*Instructions for the task:* When you reproduce these records, keep every word exactly and drop the images.

Stored data entries
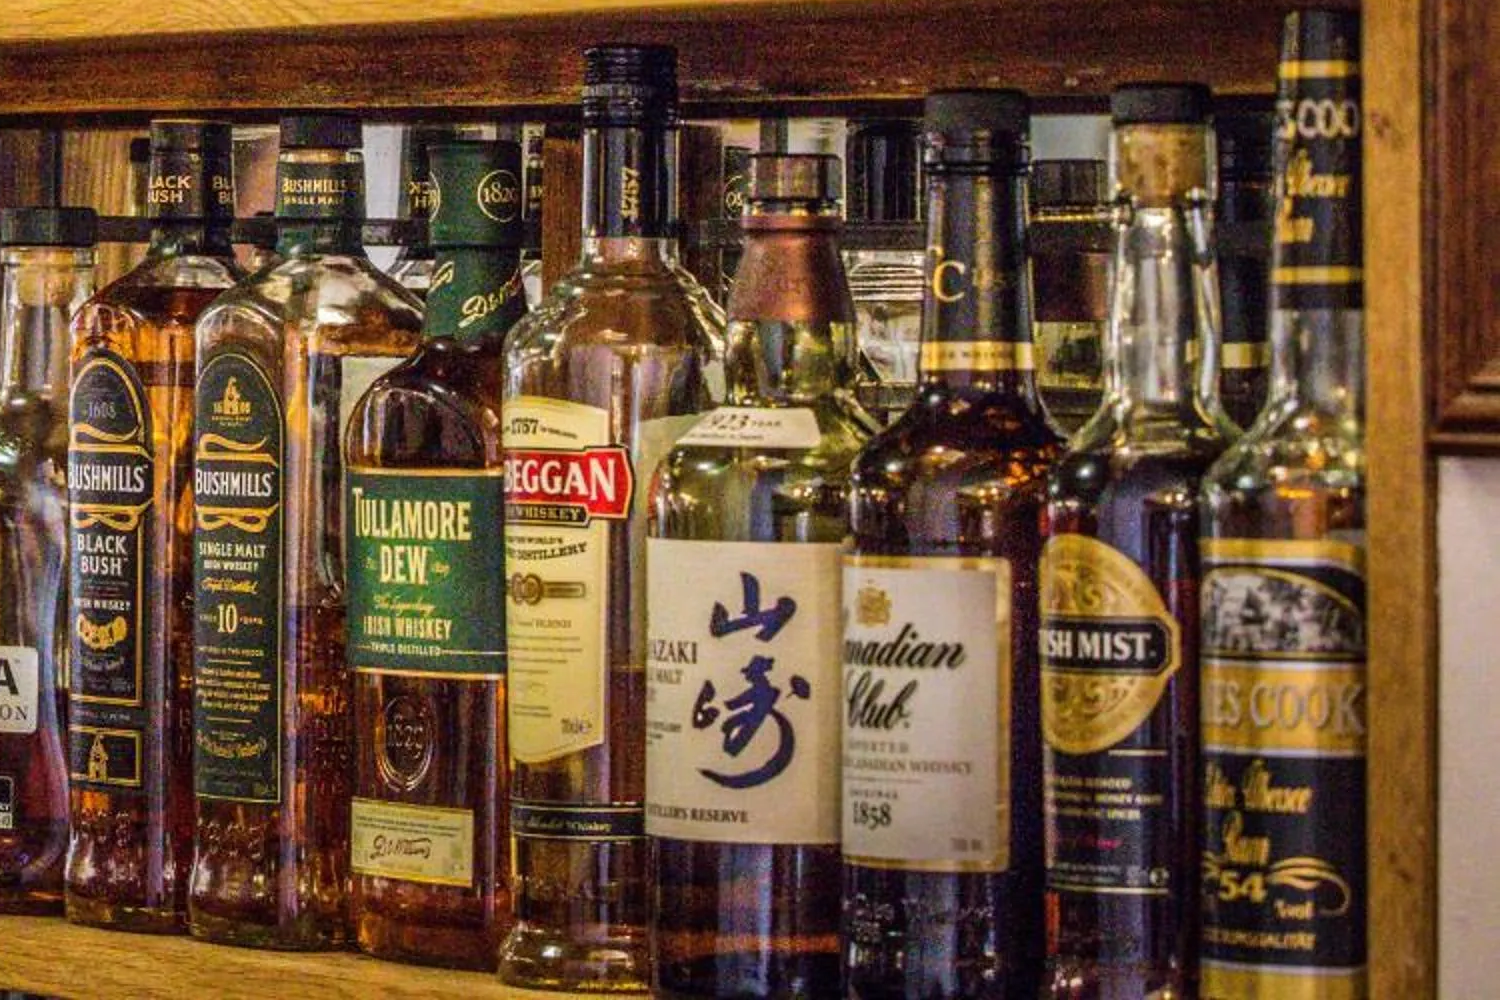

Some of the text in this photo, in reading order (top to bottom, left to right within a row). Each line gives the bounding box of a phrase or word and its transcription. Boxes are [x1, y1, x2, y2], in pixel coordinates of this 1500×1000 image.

[195, 468, 274, 497] BUSHMILLS
[353, 488, 473, 542] TULLAMORE
[78, 533, 128, 555] BLACK
[199, 541, 267, 560] SINGLE MALT
[80, 557, 124, 577] BUSH
[217, 603, 238, 635] 10
[396, 617, 452, 641] WHISKEY
[690, 807, 749, 824] RESERVE
[853, 801, 893, 830] 1858
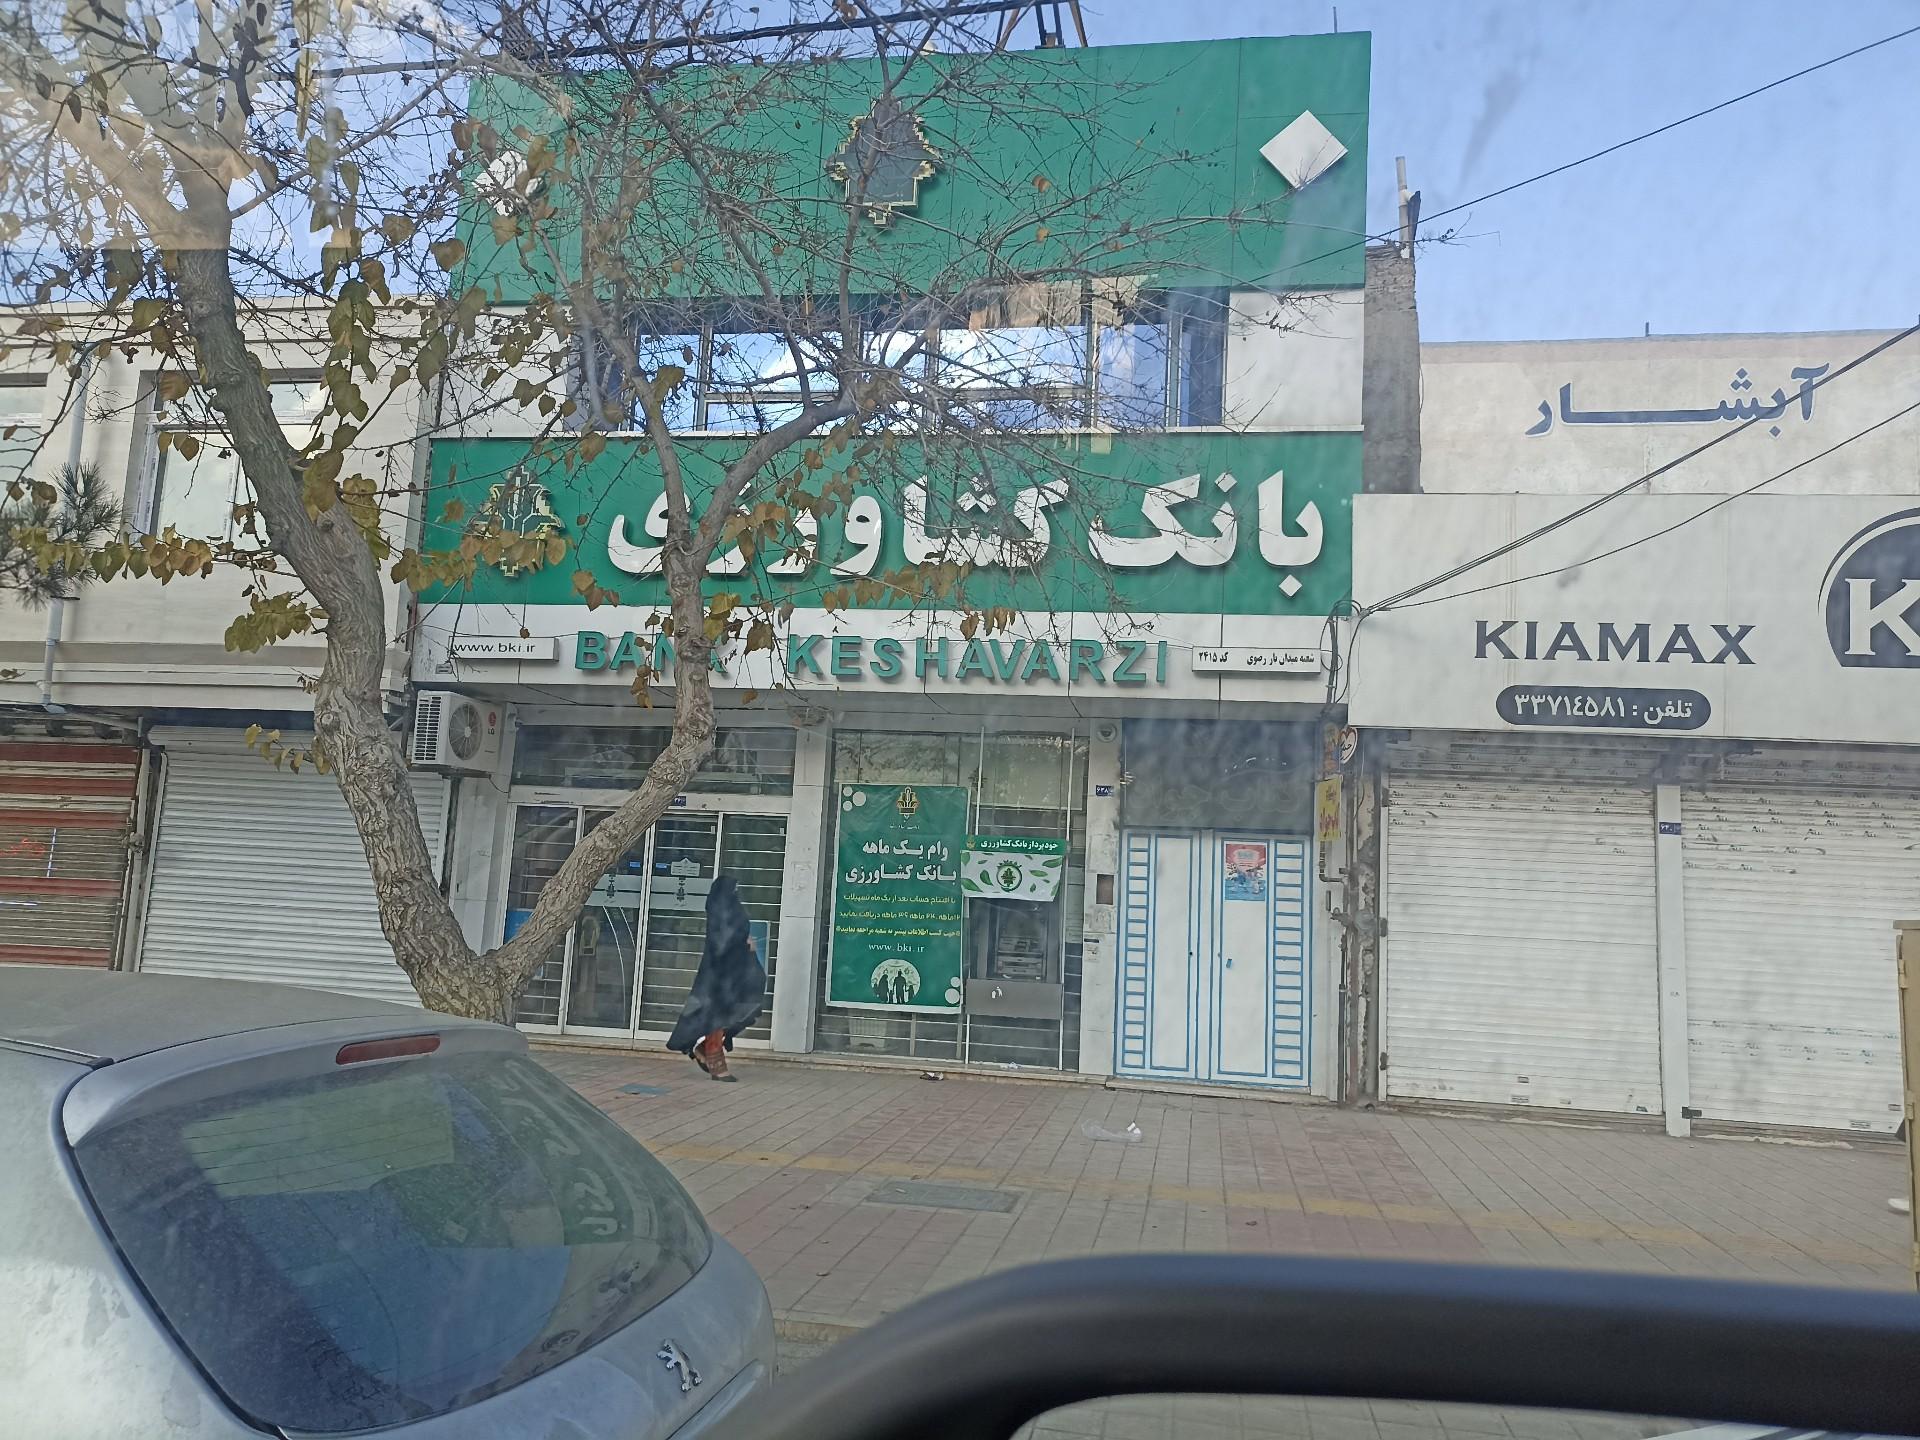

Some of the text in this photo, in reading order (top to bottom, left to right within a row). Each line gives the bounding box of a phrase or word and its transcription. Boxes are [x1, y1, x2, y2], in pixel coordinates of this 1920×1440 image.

[1525, 363, 1830, 439] آبشار
[1087, 470, 1324, 598] بانک
[454, 642, 536, 653] www.bki.ir
[1474, 620, 1757, 666] KIAMAX
[787, 632, 1168, 684] KESHAVARZI
[1219, 651, 1229, 663] کد
[1643, 699, 1693, 725] تلفن
[862, 838, 949, 861] وام یک ماهه
[845, 863, 957, 886] بانک کشاورزی

*Solution:*
Some of the text in this photo, in reading order (top to bottom, left to right within a row). Each line gives the bounding box of a phrase or word and its transcription. Boxes are [x1, y1, x2, y2], in pixel coordinates of this 1500×1000 image.

[195, 468, 274, 497] BUSHMILLS
[353, 488, 473, 542] TULLAMORE
[78, 533, 128, 555] BLACK
[199, 541, 267, 560] SINGLE MALT
[80, 557, 124, 577] BUSH
[217, 603, 238, 635] 10
[396, 617, 452, 641] WHISKEY
[690, 807, 749, 824] RESERVE
[853, 801, 893, 830] 1858

Some of the text in this photo, in reading order (top to bottom, left to right within a row). Each line gives the bounding box of a phrase or word and its transcription. Boxes are [x1, y1, x2, y2], in pixel coordinates of this 1920×1440 image.

[1525, 363, 1830, 439] آبشار
[1087, 470, 1324, 598] بانک
[454, 642, 536, 653] www.bki.ir
[1474, 620, 1757, 666] KIAMAX
[787, 632, 1168, 684] KESHAVARZI
[1219, 651, 1229, 663] کد
[1643, 699, 1693, 725] تلفن
[862, 838, 949, 861] وام یک ماهه
[845, 863, 957, 886] بانک کشاورزی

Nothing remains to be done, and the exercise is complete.